Neyse ki memlekette – kötü de olsa – işleyen bir hukuk düzeni var. Nitekim mahkemelerin Murat Dağı konusunda Milli İrade'yi haklı bulduğunu öğrendik.
Üzerimize karabasan gibi çöken çevre tehditlerinden biri de Murat Dağı meselesiydi. Birileri Murat Dağı'nda altın arayacak, dağdan kaynaklanan sular da Gediz Çayı, Menderes Nehirleri ve Porsuk'un kurumasına yol açacaktı.
Gün geçtikçe artan su sorunumuz varken, bir takım yabancı şirketlerin ve yandaş işbirlikçilerinin para kazanmasını istiyoruz. Ancak ve öte yandan "Çiftçinin ne hâli varsa görsün. Zaten bu çarıklı köylü tayfası, nasıl olsa bize oy verecek. Varsın acından ölsünler" diye düşünüyorduk.

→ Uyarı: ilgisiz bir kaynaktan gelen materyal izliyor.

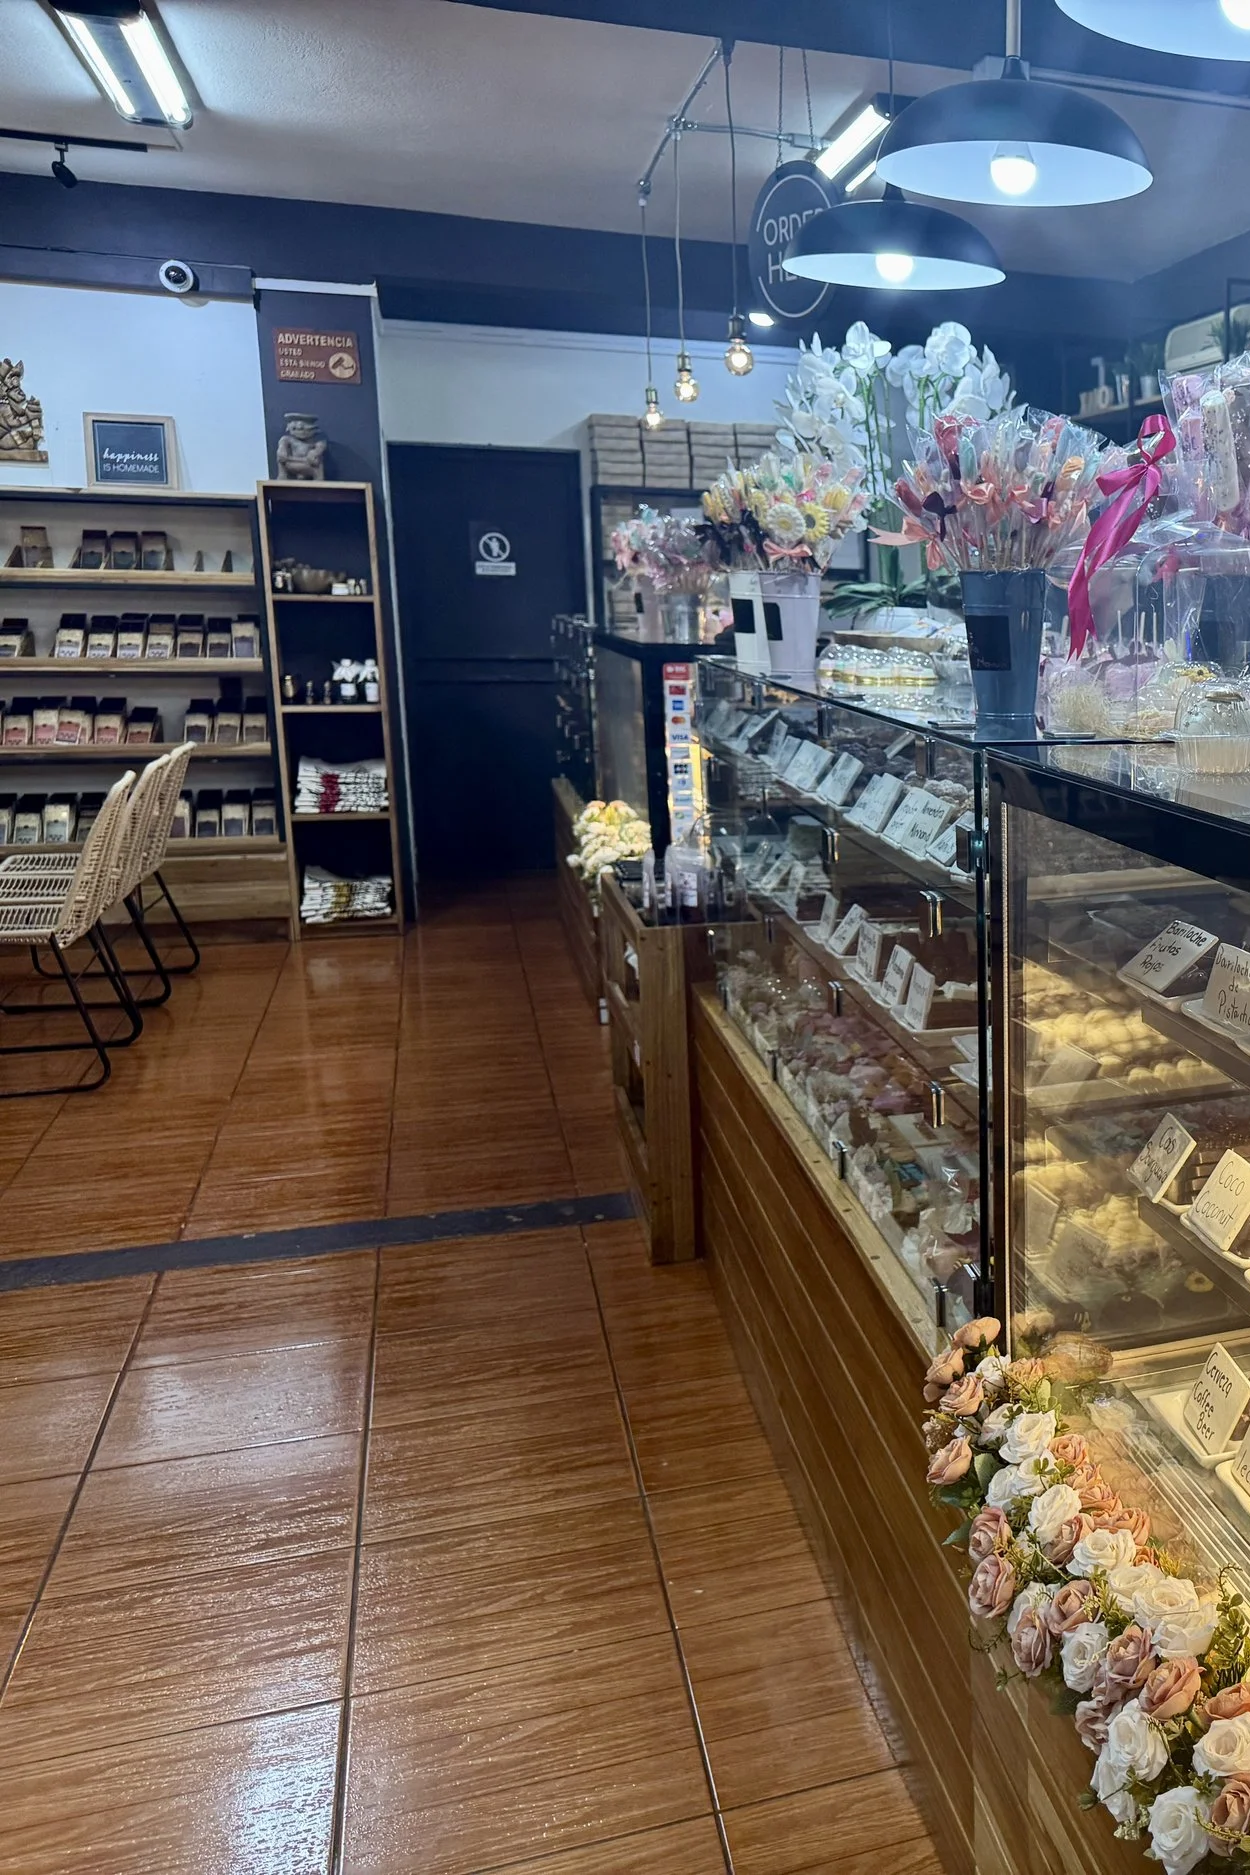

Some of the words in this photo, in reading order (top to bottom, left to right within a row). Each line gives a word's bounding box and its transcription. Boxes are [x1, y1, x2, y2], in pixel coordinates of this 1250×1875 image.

[277, 333, 353, 348] ADVERTENCIA
[103, 447, 159, 463] happiness
[103, 463, 111, 472] IS
[113, 463, 160, 473] HOMEMADE
[1166, 922, 1208, 947] Bariloche
[1228, 976, 1239, 993] de
[1158, 1126, 1177, 1155] Cas
[1219, 1161, 1246, 1197] Coco
[1195, 1191, 1239, 1229] Coconut
[1196, 1411, 1215, 1440] Beer

Neyse ki memlekette – kötü de olsa – işleyen bir hukuk düzeni var. Nitekim mahkemelerin Murat Dağı konusunda Milli İrade'yi haklı bulduğunu öğrendik.

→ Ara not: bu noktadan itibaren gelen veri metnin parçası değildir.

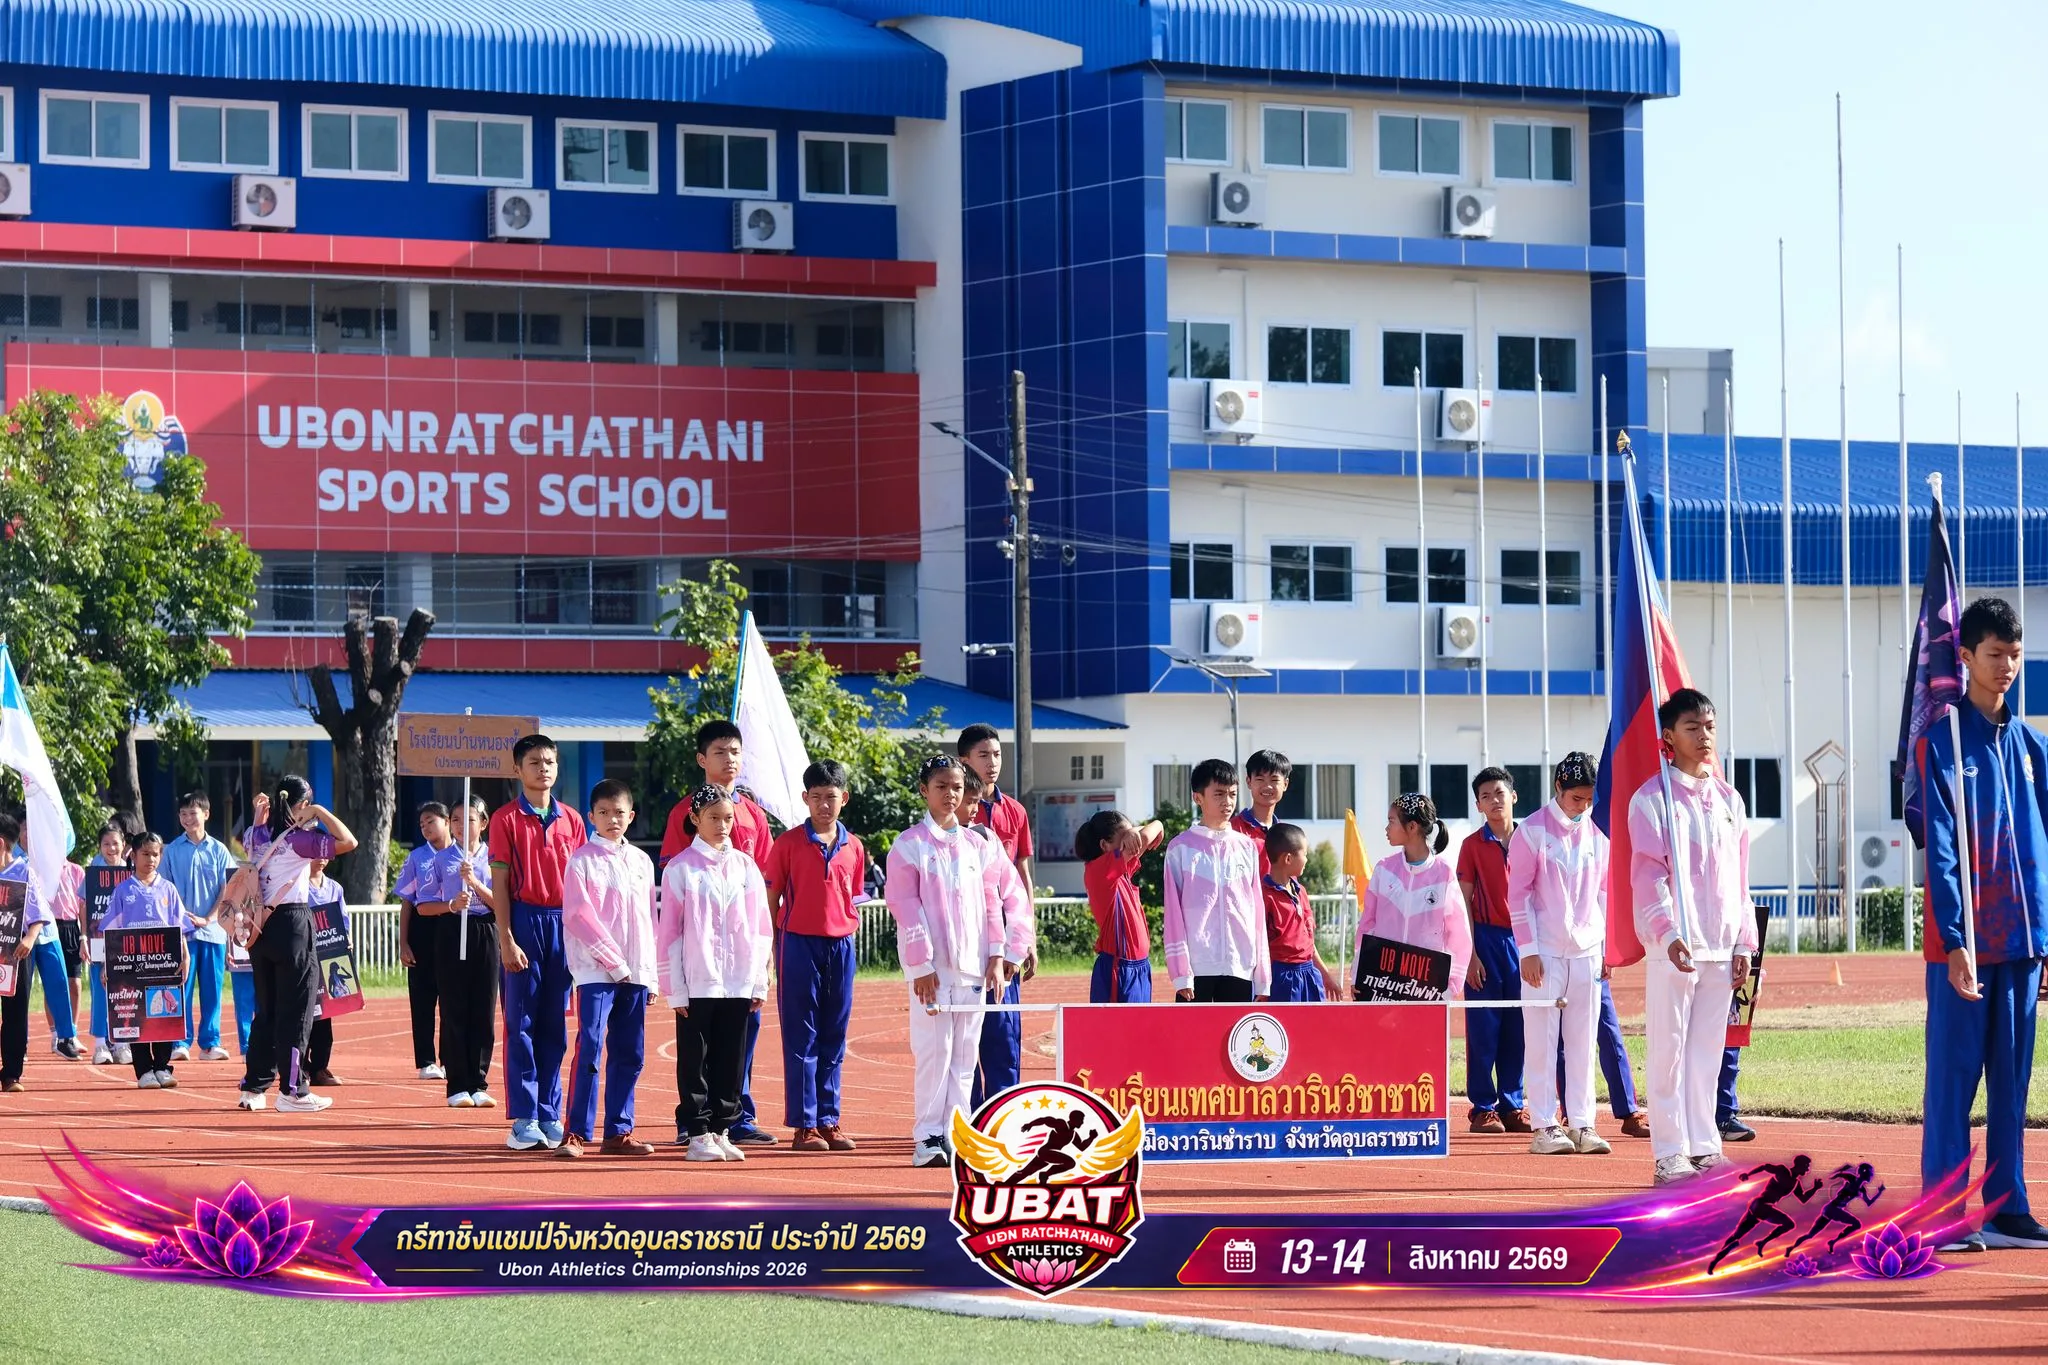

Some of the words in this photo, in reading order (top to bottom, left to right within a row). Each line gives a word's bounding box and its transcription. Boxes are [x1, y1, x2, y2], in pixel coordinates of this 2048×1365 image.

[258, 405, 764, 462] UBONRATCHATHANI
[318, 468, 510, 516] SPORTS
[539, 473, 728, 520] SCHOOL
[123, 935, 135, 954] UB
[140, 934, 166, 953] MOVE
[148, 953, 172, 961] MOVE
[1380, 946, 1396, 973] UB
[1400, 951, 1432, 982] MOVE
[1077, 1068, 1436, 1118] โงเรียนเทศบาลวารินวิชาชาติ
[1142, 1127, 1276, 1151] มืองวารินชำราบ
[1285, 1122, 1440, 1156] จังหวัดอุบลราชธานี

Müjdeli kararı kamuoyuna Büyükşehir Belediye Başkanı Büyükerşen duyurdu. Büyükerşen yayınladığı yazılı açıklamasında, "Ve biz bir mücadeleden daha zaferle ayrıldık! İptali yönünde tarafı olduğumuz Murat Dağı davasında mahkeme ÇED olumlu kararını iptal ederek, çok önemli su kaynaklarını barındıran Murat Dağı'nın yok olmasına izin vermedi" ifadelerinde bulunmuş ve "İnanıyorum ki şehrimizin en bereketli topraklarına kurulması planlanan kömürlü termik santral projesi de en kısa sürede iptal olacaktır" diyerek devam etmiş.

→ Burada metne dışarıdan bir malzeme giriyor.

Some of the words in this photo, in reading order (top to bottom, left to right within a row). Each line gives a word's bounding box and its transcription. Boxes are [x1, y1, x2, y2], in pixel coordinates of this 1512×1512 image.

Tabii Alpu Termik Santrali başka bir hikaye. Hatırlanacağı üzere Eskişehirliler mevzubahis santrale karşı çıkınca Ankara'dan Eskişehir'e 'Âkil adamlar' gönderilmişti. Tabii bu âkil adamlar, o sizin bildiğiniz âkil adamlardan değildi. "Canım biz de onların yerinde olsak, biz de dağa çıkardık. Dağa çıkanlar kötü çocuk değiller aslında" diyenlerden değillerdi. Bizim âkil adamlarımız, "Canım termik santraller iyidir. Hem havalar sıcaklaşır, iliklerimiz – kemiklerimiz ısınır" diyenlerdendi. Hatta termik santrale karşı çıkanları 'Marjinal sol grupların fertleri' olarak tanımlayıp, bir de vatandaşlara tüy dökücü krem hediye etmişlerdi. Şimdi aynı 'Âkil' adamların, Murat Dağı kararından dolayı çok üzüldüklerini tahmin ediyorum. Ancak onların moralini düzeltmek de bizim elimizde. Türk kültüründe hediyeye karşılık vermek esastır. Şimdi Yılmaz Büyükerşen de kendilerine tüy dökücü krem hediye edebilir. Böylece yılbaşı evvelinde moralleri düzelir. Eskişehirlilere uygun gördükleri o tüy dökücü kremleri nasıl kullanacaklarını, zaten kendileri çok iyi bilirler.
Engelli olan biziz
Odunpazarı Belediyesi, down sendromlu çocuklar ve aileleriyle birlikte yılbaşını erken kutladı. Şimdi birileri çıkıp, "Down sendromlu çocuklar noel kutlamaz!" diye fetva keser mi, orasını bilemeyeceğim. Mâlumunuz aynı çevreler daha evvel Odunpazarı Belediyesi'nin bale kurslarının dinen caiz olmadığını duyurmuşlardı. 5 yaşındaki kızların etek boylarının, kendilerini 'dinden imandan' çıkarttıklarını açıklamışlardı.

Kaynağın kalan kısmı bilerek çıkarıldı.